Reproduce the listing that follows word for word, without its pictures.
━━━━━ Given data ━━━━━
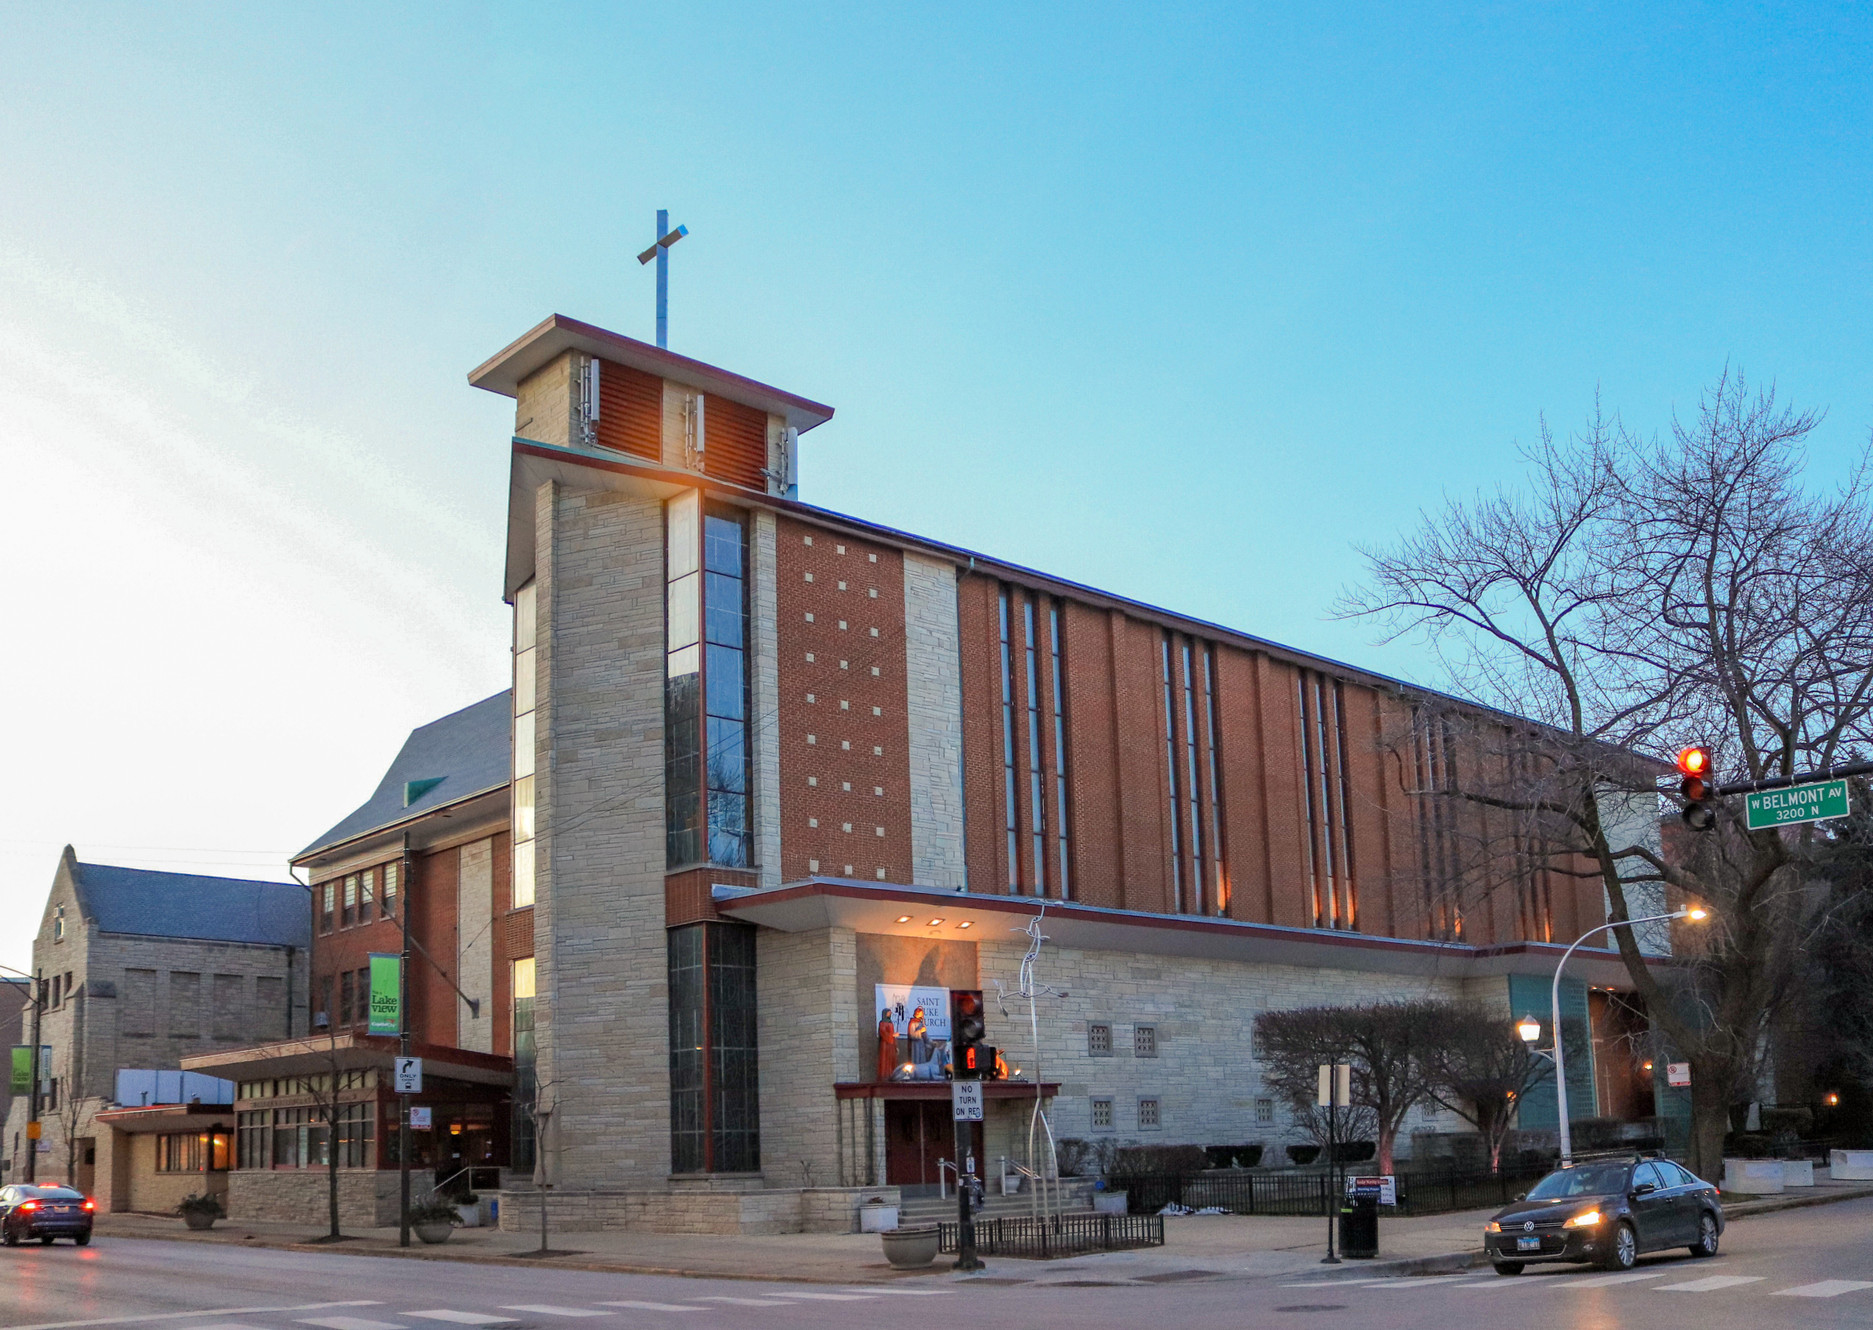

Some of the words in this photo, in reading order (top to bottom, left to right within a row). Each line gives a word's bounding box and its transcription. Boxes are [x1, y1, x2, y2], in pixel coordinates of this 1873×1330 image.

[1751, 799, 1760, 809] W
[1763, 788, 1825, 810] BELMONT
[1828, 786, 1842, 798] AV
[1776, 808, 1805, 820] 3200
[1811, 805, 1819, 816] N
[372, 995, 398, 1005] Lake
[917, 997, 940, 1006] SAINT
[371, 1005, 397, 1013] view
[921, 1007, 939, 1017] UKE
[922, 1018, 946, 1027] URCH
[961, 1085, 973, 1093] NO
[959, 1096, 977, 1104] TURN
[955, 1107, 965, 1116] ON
━━━━━
• **Result for this task**:
Some of the words in this photo, in reading order (top to bottom, left to right within a row). Each line gives a word's bounding box and its transcription. Boxes are [x1, y1, x2, y2], in pixel coordinates of this 1873×1330 image.

[1751, 799, 1760, 809] W
[1763, 788, 1825, 810] BELMONT
[1828, 786, 1842, 798] AV
[1776, 808, 1805, 820] 3200
[1811, 805, 1819, 816] N
[372, 995, 398, 1005] Lake
[917, 997, 940, 1006] SAINT
[371, 1005, 397, 1013] view
[921, 1007, 939, 1017] UKE
[922, 1018, 946, 1027] URCH
[961, 1085, 973, 1093] NO
[959, 1096, 977, 1104] TURN
[955, 1107, 965, 1116] ON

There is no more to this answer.